Frogs, frogs and more frogs... I am hoping that by coming here you have an interest - or passion even - about these amazing amphibians and I can share my passion with you about them!  

I find them totally fascinating - they are survivors without a doubt - they are ancient creatures that have been around for millions of years, so I think they could teach us a thing or two about this planet of ours.

They come in so many shapes and sizes - my personal favourite being the red eyed leaf  followed closely (extremely closely in fact) by the Strawberry Poison Dart.  I would really love one day to be able to trek all over the world and find them for myself in their natural habitats.  

For now though, I am having to be content with fuelling my passion for these creatures by creating a website, and filling it with as much stuff as I can about them.  I hope you find it nice and come back again and again!

We take these creatures for granted, but did you know that they are currently under threat worldwide?  It is a sad fact that they are losing their habitats.  Pollution plays a huge part in their declining numbers and there is a deadly parasitic fungus known as amphibian chytrid - a serious threat to the wellbeing and survival of these ancient creatures.

I love the strikingly beautiful coloured blue poison arrow  and the rarely seen Mexican burrowing to name but two. 

My website aims to share what I have learned about many different species that can be found in the wild, and also advice on how to keep some of them as pets at home. 

So what can YOU do to help in ensuring that they survive today?

The best thing that you can do is to first of all understand them, and then create a supportive environment in which they can live, breed and hibernate.  

Creating a pond - this is a really good way of attracting them to your garden.  They can't resist a good pond.  

  • Build a pond in your garden.  Build your pond in a shaded area preferably, with pond liner inside the pond (to keep the water in), with a few shallow edges for the tadpoles, and no fish.
  • Amphibians rely on a good network of ponds.  The reason that they don't rely on one pond is that if one becomes damaged it can be re-colonised quite fast. If there are frogs within 1000m, and the pond is suitable, they will often come without any help from us - you will notice that your little amphibian-haven garden is gradually becoming home to families without any other help from you other than adding the pond in the first place.

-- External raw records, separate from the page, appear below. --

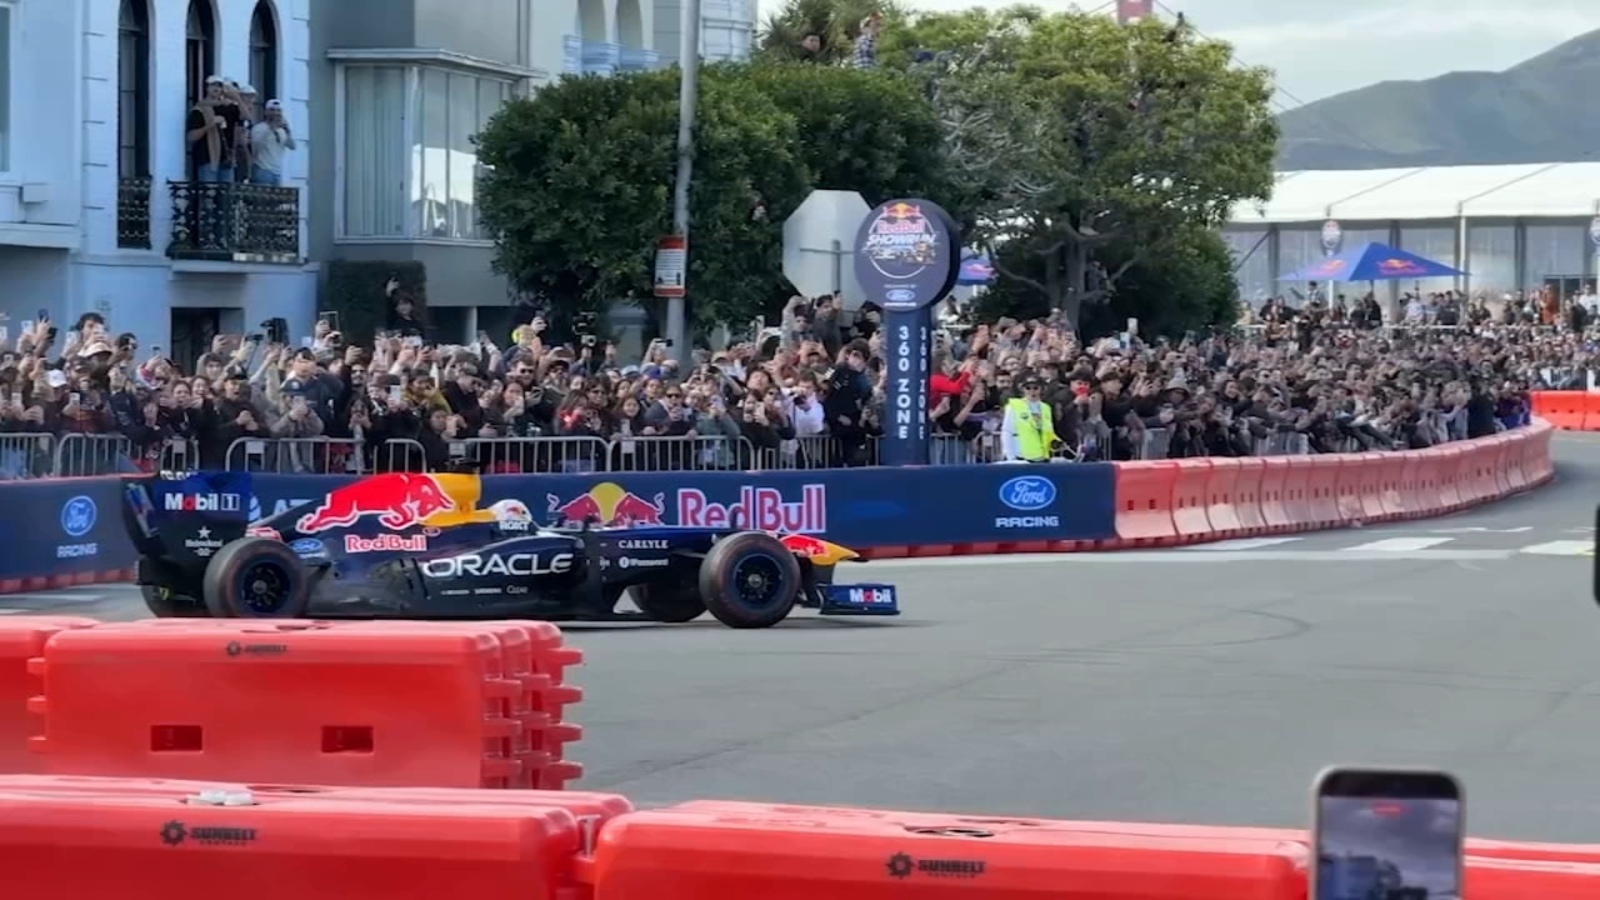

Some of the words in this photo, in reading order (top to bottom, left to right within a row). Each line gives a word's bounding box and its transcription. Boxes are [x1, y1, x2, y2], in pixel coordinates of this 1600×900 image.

[898, 326, 910, 372] 360
[896, 378, 911, 439] ZONE
[164, 492, 218, 511] Mobil
[995, 516, 1060, 528] RACING
[57, 542, 97, 558] RACING
[618, 539, 669, 549] CARLYLE
[423, 553, 574, 578] ORACLE
[849, 588, 892, 603] Mobil
[190, 826, 256, 841] SUNBELT
[917, 859, 986, 873] SUNBELT

Other ways of creating a suitable amphibian garden is by not keeping your garden too tidy! This is quite difficult for some people! But your efforts in keeping your garden on the 'wild side' will pay-off quickly as the amphibian population get to hear about it and thank you for it!  They love the wilder type of garden, that has leaf piles, garden debris, rocks and logs.  

This creates a shady, damp environment which is perfect for all amphibians! 

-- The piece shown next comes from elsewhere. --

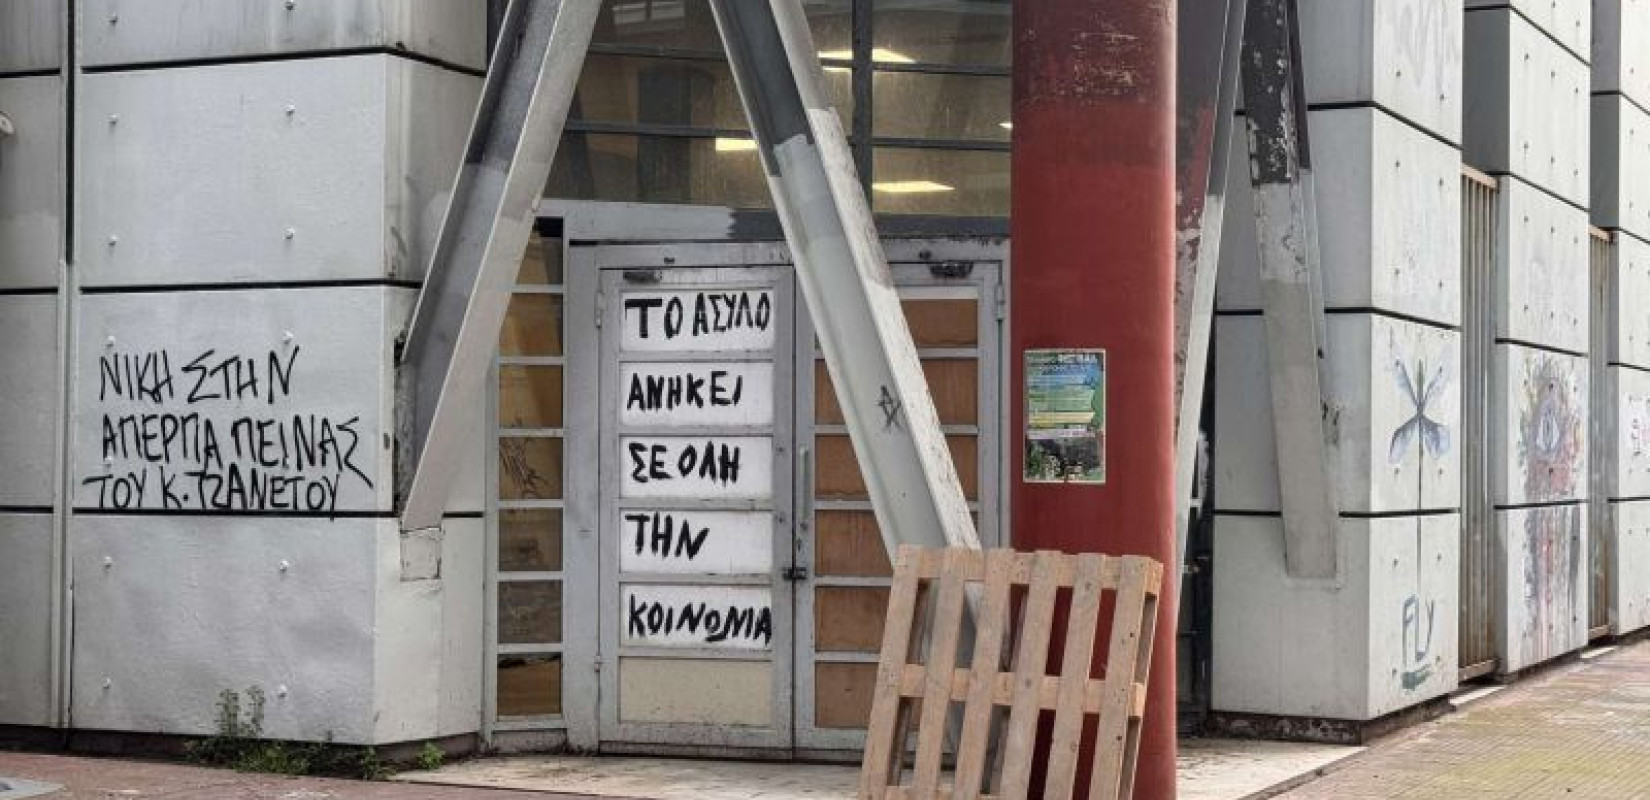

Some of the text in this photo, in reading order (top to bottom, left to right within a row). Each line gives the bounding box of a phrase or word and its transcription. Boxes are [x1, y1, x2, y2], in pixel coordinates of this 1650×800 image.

Because all amphibians breathe partially - even totally - through their skin, they are extremely sensitive to toxic chemicals in the environment. Therefore, you should try to avoid using chemicals of any sort.  There are usually other methods you can use to keep pests under control that are more natural and less harmful to garden wildlife.

Also another good thing about having these creatures in your garden, is that you won't need to use Slug pellets as they eat slugs!  What a bonus!